The aim of this study was to evaluate weight-bearing radiographs in patients with and without foot ulcers diagnosed with midfoot Charcot neuroarthropathy (CN) secondary to diabetes mellitus.
One hundred fourteen patients with midfoot CN (50 with foot ulcers and 64 without ulcers) were identified and included in this study. Nine radiographic measurements were made (7 in the sagittal plane and 2 in the transverse plane).

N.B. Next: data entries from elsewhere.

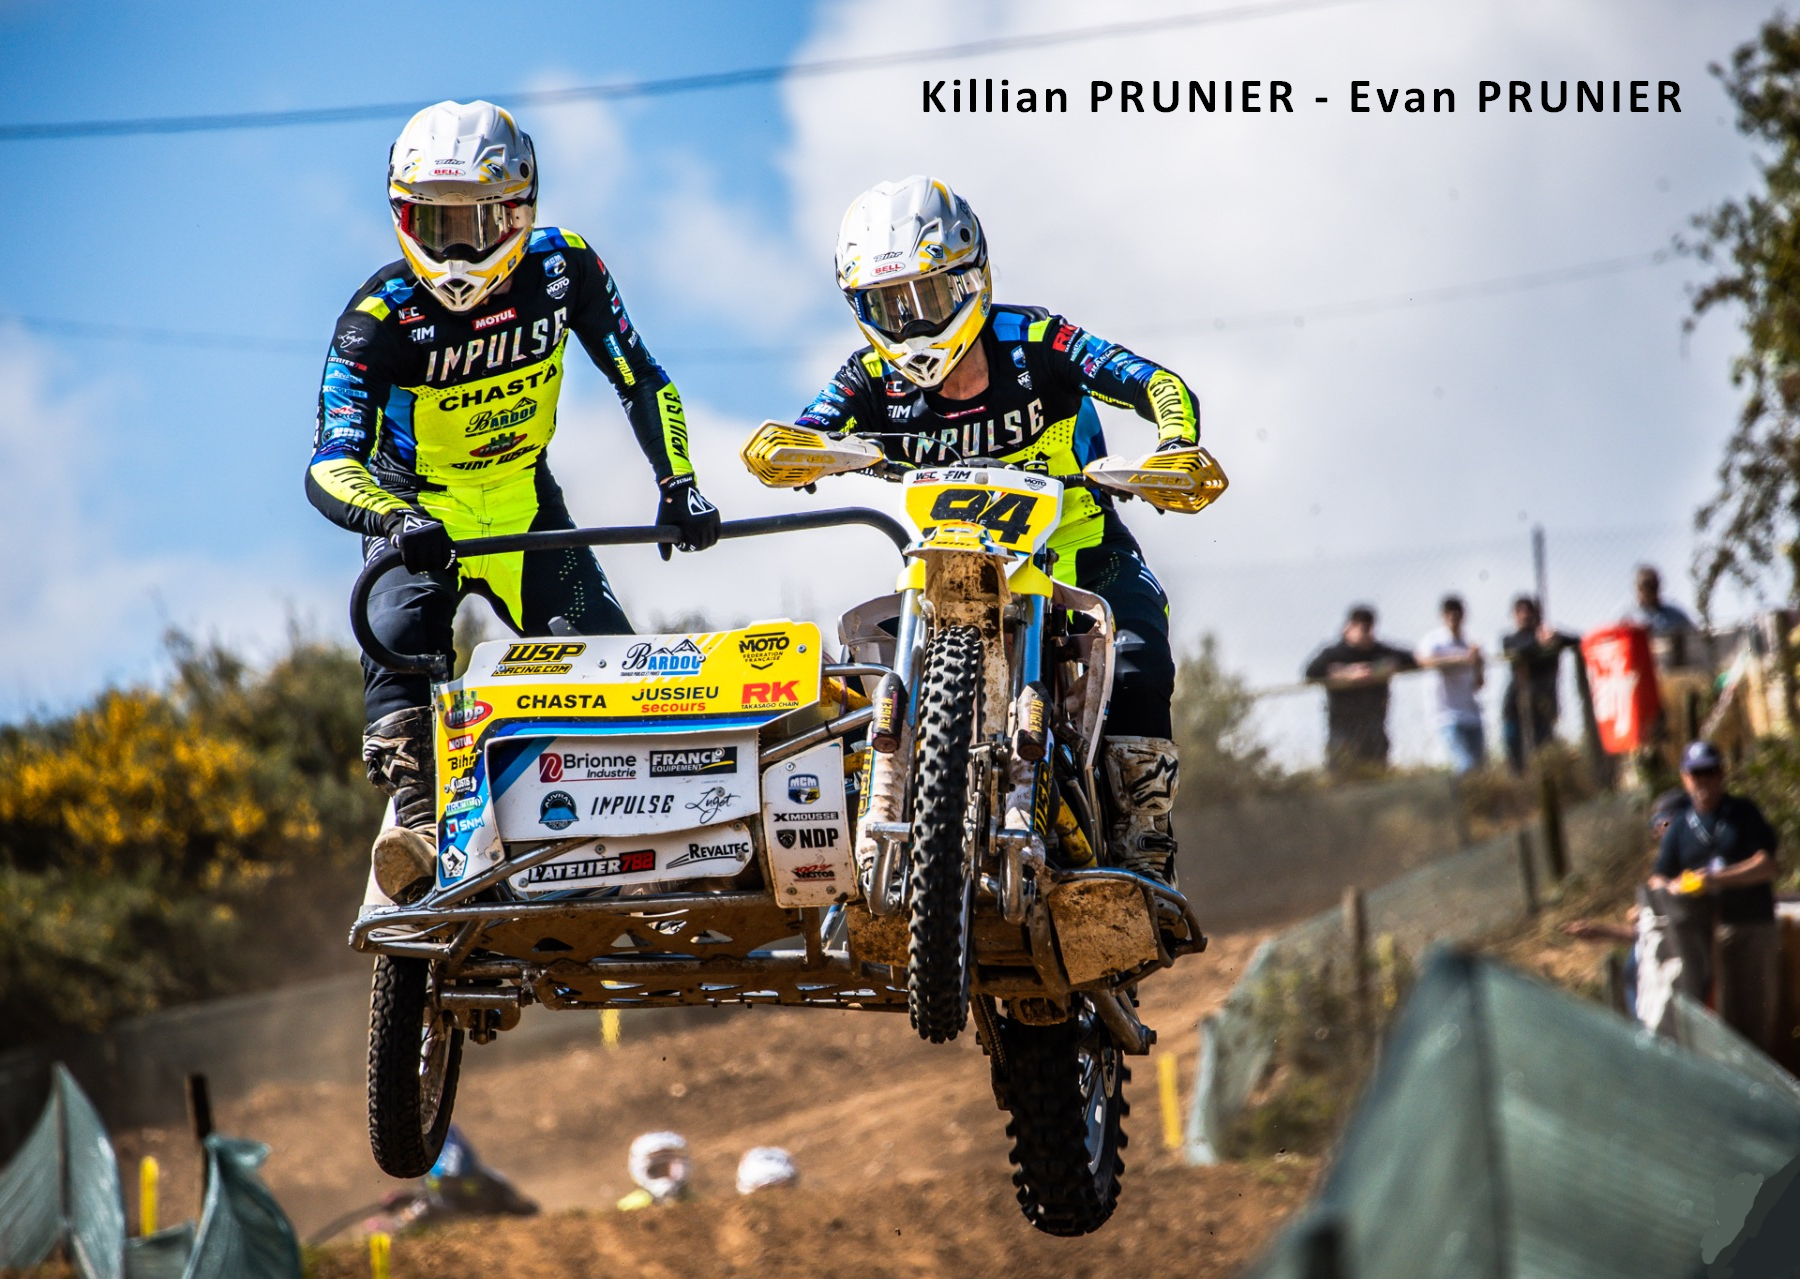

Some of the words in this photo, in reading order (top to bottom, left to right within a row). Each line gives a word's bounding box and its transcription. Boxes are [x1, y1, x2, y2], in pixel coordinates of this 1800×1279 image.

[875, 264, 902, 274] BELL
[546, 278, 570, 295] MOTO
[475, 309, 515, 329] MOTUL
[426, 306, 567, 382] IMPULSE
[439, 363, 557, 411] CHASTA
[465, 403, 537, 433] BARDOU
[902, 398, 1044, 462] IMPULSE
[943, 470, 972, 480] FIM
[1024, 478, 1047, 487] MOTO
[921, 489, 1039, 545] 94
[502, 644, 586, 662] WSP
[739, 636, 790, 653] MOTO
[622, 642, 701, 670] BARDOU
[741, 680, 800, 704] RK
[516, 694, 607, 709] CHASTA
[641, 702, 706, 713] secours
[449, 705, 485, 726] URDP
[877, 698, 893, 730] REIGER
[1028, 699, 1044, 733] REIGER
[448, 735, 473, 750] MOTUL
[448, 754, 475, 771] Bihr
[563, 754, 637, 769] Brionne
[652, 763, 703, 772] EQUIPEMENT
[587, 769, 637, 778] Industrie
[544, 793, 573, 808] AUVRAY
[590, 795, 675, 815] IMPULSE
[459, 818, 484, 831] SNM
[799, 828, 839, 848] NDP

CN patients with foot ulcers had significantly greater deformity when assessing the lateral-talar first metatarsal angle, calcaneal pitch, cuboid height, medial column height, calcaneal-fifth metatarsal angle, talar declination, and lateral tibiotalar angle. Two measurements in the transverse plane (hindfoot-forefoot angle and AP talar first metatarsal angle) were not significantly different between the 2 groups. Of patients with foot ulcers, 24% had a lateral talar first metatarsal angle of less than -27 degrees and 80% had a negative cuboid height.
Sagittal plane deformities were more likely to be associated with foot ulceration in patients with CN than transverse plane deformities. Lateral column involvement was associated with a worse prognosis than medial column involvement, thus we believe progressive deformity of the lateral column should be monitored closely to prevent foot ulceration. Lateral column involvement could be identified by a decrease in the cuboid height, decreased calcaneal pitch, and decreased lateral calcaneal fifth metatarsal angle. This study can assist physicians in stratifying the risk for both ulceration and need for surgery in patients with CN based on reproducible radiographic measurements.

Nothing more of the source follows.